**WHAT IS REQUIRED:**
Your response should be the complete listing, returned exactly as written.

::::

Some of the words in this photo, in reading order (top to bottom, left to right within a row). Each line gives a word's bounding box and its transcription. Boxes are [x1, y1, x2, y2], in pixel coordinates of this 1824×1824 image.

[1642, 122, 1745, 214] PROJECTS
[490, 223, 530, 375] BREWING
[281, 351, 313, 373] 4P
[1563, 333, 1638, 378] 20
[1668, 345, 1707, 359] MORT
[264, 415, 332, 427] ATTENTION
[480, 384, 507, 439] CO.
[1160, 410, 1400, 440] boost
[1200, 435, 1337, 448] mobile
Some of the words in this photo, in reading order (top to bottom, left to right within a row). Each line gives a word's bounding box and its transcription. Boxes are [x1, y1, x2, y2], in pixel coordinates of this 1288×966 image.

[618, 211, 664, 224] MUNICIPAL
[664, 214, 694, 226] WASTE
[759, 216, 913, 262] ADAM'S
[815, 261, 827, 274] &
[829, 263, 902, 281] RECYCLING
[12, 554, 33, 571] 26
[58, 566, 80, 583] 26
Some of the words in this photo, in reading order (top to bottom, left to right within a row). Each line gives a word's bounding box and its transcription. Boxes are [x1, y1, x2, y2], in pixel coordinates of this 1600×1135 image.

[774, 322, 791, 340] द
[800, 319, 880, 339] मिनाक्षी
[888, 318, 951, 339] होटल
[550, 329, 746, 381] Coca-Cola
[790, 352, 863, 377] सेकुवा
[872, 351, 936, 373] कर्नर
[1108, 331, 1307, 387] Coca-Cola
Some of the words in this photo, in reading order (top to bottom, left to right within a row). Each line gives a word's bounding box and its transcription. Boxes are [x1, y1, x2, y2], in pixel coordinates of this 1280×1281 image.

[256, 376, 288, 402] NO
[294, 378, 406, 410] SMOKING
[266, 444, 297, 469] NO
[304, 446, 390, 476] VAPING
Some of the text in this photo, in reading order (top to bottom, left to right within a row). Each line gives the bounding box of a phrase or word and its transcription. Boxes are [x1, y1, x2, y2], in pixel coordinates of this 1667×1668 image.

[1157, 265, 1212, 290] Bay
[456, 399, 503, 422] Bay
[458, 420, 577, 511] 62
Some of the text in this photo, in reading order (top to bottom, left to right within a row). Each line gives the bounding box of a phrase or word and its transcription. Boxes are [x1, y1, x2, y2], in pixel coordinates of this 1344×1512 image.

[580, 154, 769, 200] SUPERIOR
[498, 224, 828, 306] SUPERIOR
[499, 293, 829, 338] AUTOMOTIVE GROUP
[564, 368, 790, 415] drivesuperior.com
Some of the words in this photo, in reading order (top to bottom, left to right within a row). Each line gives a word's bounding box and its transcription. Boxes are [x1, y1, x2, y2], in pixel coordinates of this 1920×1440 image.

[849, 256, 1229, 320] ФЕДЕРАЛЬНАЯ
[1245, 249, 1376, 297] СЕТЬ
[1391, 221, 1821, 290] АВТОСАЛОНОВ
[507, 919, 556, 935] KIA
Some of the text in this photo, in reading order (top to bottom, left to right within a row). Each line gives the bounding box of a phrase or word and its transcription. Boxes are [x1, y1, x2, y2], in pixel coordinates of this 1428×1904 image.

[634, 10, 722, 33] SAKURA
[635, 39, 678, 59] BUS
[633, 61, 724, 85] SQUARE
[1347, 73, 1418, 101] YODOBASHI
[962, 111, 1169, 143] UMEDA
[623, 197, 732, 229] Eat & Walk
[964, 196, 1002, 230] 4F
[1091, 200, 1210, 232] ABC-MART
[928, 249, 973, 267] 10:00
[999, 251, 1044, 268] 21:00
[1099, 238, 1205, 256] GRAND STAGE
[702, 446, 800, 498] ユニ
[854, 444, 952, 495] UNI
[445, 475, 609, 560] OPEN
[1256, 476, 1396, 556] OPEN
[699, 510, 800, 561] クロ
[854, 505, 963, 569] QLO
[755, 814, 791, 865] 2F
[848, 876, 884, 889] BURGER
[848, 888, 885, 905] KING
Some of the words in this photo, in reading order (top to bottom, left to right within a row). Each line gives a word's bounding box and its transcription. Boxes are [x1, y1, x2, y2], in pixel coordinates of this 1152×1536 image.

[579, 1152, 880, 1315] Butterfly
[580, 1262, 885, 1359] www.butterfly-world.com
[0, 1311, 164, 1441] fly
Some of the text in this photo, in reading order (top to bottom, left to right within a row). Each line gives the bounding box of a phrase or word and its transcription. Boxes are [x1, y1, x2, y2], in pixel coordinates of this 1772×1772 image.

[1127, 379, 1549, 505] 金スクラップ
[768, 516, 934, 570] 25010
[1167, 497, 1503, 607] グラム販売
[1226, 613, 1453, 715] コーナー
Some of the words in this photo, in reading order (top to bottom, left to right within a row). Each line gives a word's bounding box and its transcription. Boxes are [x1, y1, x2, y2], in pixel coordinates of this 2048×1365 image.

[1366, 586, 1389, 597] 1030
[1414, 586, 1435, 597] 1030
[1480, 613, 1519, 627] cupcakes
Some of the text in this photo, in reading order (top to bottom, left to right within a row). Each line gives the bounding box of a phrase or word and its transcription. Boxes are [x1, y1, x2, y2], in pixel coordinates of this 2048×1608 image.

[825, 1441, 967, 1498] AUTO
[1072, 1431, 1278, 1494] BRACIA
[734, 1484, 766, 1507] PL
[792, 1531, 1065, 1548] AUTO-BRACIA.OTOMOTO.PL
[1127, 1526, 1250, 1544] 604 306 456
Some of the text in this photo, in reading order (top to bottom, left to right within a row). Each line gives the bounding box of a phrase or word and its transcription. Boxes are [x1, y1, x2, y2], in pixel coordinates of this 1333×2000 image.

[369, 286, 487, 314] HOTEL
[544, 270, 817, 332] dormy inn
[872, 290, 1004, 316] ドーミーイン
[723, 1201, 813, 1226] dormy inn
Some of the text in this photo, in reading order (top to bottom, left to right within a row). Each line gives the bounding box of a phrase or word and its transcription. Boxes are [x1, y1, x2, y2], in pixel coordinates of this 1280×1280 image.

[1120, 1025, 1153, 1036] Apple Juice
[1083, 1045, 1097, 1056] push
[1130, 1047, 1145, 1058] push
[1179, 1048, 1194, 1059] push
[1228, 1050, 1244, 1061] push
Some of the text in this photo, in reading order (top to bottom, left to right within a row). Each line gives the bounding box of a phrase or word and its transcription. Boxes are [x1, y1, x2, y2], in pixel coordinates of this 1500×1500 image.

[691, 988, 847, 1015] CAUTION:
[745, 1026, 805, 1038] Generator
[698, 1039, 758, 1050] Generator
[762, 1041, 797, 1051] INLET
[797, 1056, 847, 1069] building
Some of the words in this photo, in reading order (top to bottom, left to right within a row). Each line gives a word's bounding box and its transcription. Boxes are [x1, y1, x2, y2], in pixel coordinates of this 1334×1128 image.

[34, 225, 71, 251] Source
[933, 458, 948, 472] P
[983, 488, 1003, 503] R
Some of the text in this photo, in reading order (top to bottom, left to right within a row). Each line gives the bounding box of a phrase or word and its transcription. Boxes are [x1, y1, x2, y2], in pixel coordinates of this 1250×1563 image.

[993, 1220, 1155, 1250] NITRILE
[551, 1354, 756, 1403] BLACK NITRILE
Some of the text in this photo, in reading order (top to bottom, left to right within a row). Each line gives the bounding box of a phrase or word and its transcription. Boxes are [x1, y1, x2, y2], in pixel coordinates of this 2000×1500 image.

::::

**REPLY TO THE TASK:**
Some of the words in this photo, in reading order (top to bottom, left to right within a row). Each line gives a word's bounding box and its transcription. Boxes are [x1, y1, x2, y2], in pixel coordinates of this 1824×1824 image.

[1642, 122, 1745, 214] PROJECTS
[490, 223, 530, 375] BREWING
[281, 351, 313, 373] 4P
[1563, 333, 1638, 378] 20
[1668, 345, 1707, 359] MORT
[264, 415, 332, 427] ATTENTION
[480, 384, 507, 439] CO.
[1160, 410, 1400, 440] boost
[1200, 435, 1337, 448] mobile
Some of the words in this photo, in reading order (top to bottom, left to right within a row). Each line gives a word's bounding box and its transcription. Boxes are [x1, y1, x2, y2], in pixel coordinates of this 1288×966 image.

[618, 211, 664, 224] MUNICIPAL
[664, 214, 694, 226] WASTE
[759, 216, 913, 262] ADAM'S
[815, 261, 827, 274] &
[829, 263, 902, 281] RECYCLING
[12, 554, 33, 571] 26
[58, 566, 80, 583] 26
Some of the words in this photo, in reading order (top to bottom, left to right within a row). Each line gives a word's bounding box and its transcription. Boxes are [x1, y1, x2, y2], in pixel coordinates of this 1600×1135 image.

[774, 322, 791, 340] द
[800, 319, 880, 339] मिनाक्षी
[888, 318, 951, 339] होटल
[550, 329, 746, 381] Coca-Cola
[790, 352, 863, 377] सेकुवा
[872, 351, 936, 373] कर्नर
[1108, 331, 1307, 387] Coca-Cola
Some of the words in this photo, in reading order (top to bottom, left to right within a row). Each line gives a word's bounding box and its transcription. Boxes are [x1, y1, x2, y2], in pixel coordinates of this 1280×1281 image.

[256, 376, 288, 402] NO
[294, 378, 406, 410] SMOKING
[266, 444, 297, 469] NO
[304, 446, 390, 476] VAPING
Some of the text in this photo, in reading order (top to bottom, left to right within a row). Each line gives the bounding box of a phrase or word and its transcription. Boxes are [x1, y1, x2, y2], in pixel coordinates of this 1667×1668 image.

[1157, 265, 1212, 290] Bay
[456, 399, 503, 422] Bay
[458, 420, 577, 511] 62
Some of the text in this photo, in reading order (top to bottom, left to right within a row). Each line gives the bounding box of a phrase or word and its transcription. Boxes are [x1, y1, x2, y2], in pixel coordinates of this 1344×1512 image.

[580, 154, 769, 200] SUPERIOR
[498, 224, 828, 306] SUPERIOR
[499, 293, 829, 338] AUTOMOTIVE GROUP
[564, 368, 790, 415] drivesuperior.com
Some of the words in this photo, in reading order (top to bottom, left to right within a row). Each line gives a word's bounding box and its transcription. Boxes are [x1, y1, x2, y2], in pixel coordinates of this 1920×1440 image.

[849, 256, 1229, 320] ФЕДЕРАЛЬНАЯ
[1245, 249, 1376, 297] СЕТЬ
[1391, 221, 1821, 290] АВТОСАЛОНОВ
[507, 919, 556, 935] KIA
Some of the text in this photo, in reading order (top to bottom, left to right within a row). Each line gives the bounding box of a phrase or word and its transcription. Boxes are [x1, y1, x2, y2], in pixel coordinates of this 1428×1904 image.

[634, 10, 722, 33] SAKURA
[635, 39, 678, 59] BUS
[633, 61, 724, 85] SQUARE
[1347, 73, 1418, 101] YODOBASHI
[962, 111, 1169, 143] UMEDA
[623, 197, 732, 229] Eat & Walk
[964, 196, 1002, 230] 4F
[1091, 200, 1210, 232] ABC-MART
[928, 249, 973, 267] 10:00
[999, 251, 1044, 268] 21:00
[1099, 238, 1205, 256] GRAND STAGE
[702, 446, 800, 498] ユニ
[854, 444, 952, 495] UNI
[445, 475, 609, 560] OPEN
[1256, 476, 1396, 556] OPEN
[699, 510, 800, 561] クロ
[854, 505, 963, 569] QLO
[755, 814, 791, 865] 2F
[848, 876, 884, 889] BURGER
[848, 888, 885, 905] KING
Some of the words in this photo, in reading order (top to bottom, left to right within a row). Each line gives a word's bounding box and its transcription. Boxes are [x1, y1, x2, y2], in pixel coordinates of this 1152×1536 image.

[579, 1152, 880, 1315] Butterfly
[580, 1262, 885, 1359] www.butterfly-world.com
[0, 1311, 164, 1441] fly
Some of the text in this photo, in reading order (top to bottom, left to right within a row). Each line gives the bounding box of a phrase or word and its transcription. Boxes are [x1, y1, x2, y2], in pixel coordinates of this 1772×1772 image.

[1127, 379, 1549, 505] 金スクラップ
[768, 516, 934, 570] 25010
[1167, 497, 1503, 607] グラム販売
[1226, 613, 1453, 715] コーナー
Some of the words in this photo, in reading order (top to bottom, left to right within a row). Each line gives a word's bounding box and its transcription. Boxes are [x1, y1, x2, y2], in pixel coordinates of this 2048×1365 image.

[1366, 586, 1389, 597] 1030
[1414, 586, 1435, 597] 1030
[1480, 613, 1519, 627] cupcakes
Some of the text in this photo, in reading order (top to bottom, left to right within a row). Each line gives the bounding box of a phrase or word and its transcription. Boxes are [x1, y1, x2, y2], in pixel coordinates of this 2048×1608 image.

[825, 1441, 967, 1498] AUTO
[1072, 1431, 1278, 1494] BRACIA
[734, 1484, 766, 1507] PL
[792, 1531, 1065, 1548] AUTO-BRACIA.OTOMOTO.PL
[1127, 1526, 1250, 1544] 604 306 456
Some of the text in this photo, in reading order (top to bottom, left to right within a row). Each line gives the bounding box of a phrase or word and its transcription. Boxes are [x1, y1, x2, y2], in pixel coordinates of this 1333×2000 image.

[369, 286, 487, 314] HOTEL
[544, 270, 817, 332] dormy inn
[872, 290, 1004, 316] ドーミーイン
[723, 1201, 813, 1226] dormy inn
Some of the text in this photo, in reading order (top to bottom, left to right within a row). Each line gives the bounding box of a phrase or word and its transcription. Boxes are [x1, y1, x2, y2], in pixel coordinates of this 1280×1280 image.

[1120, 1025, 1153, 1036] Apple Juice
[1083, 1045, 1097, 1056] push
[1130, 1047, 1145, 1058] push
[1179, 1048, 1194, 1059] push
[1228, 1050, 1244, 1061] push
Some of the text in this photo, in reading order (top to bottom, left to right within a row). Each line gives the bounding box of a phrase or word and its transcription. Boxes are [x1, y1, x2, y2], in pixel coordinates of this 1500×1500 image.

[691, 988, 847, 1015] CAUTION:
[745, 1026, 805, 1038] Generator
[698, 1039, 758, 1050] Generator
[762, 1041, 797, 1051] INLET
[797, 1056, 847, 1069] building
Some of the words in this photo, in reading order (top to bottom, left to right within a row). Each line gives a word's bounding box and its transcription. Boxes are [x1, y1, x2, y2], in pixel coordinates of this 1334×1128 image.

[34, 225, 71, 251] Source
[933, 458, 948, 472] P
[983, 488, 1003, 503] R
Some of the text in this photo, in reading order (top to bottom, left to right within a row). Each line gives the bounding box of a phrase or word and its transcription. Boxes are [x1, y1, x2, y2], in pixel coordinates of this 1250×1563 image.

[993, 1220, 1155, 1250] NITRILE
[551, 1354, 756, 1403] BLACK NITRILE
Some of the text in this photo, in reading order (top to bottom, left to right within a row). Each line gives the bounding box of a phrase or word and its transcription. Boxes are [x1, y1, x2, y2], in pixel coordinates of this 2000×1500 image.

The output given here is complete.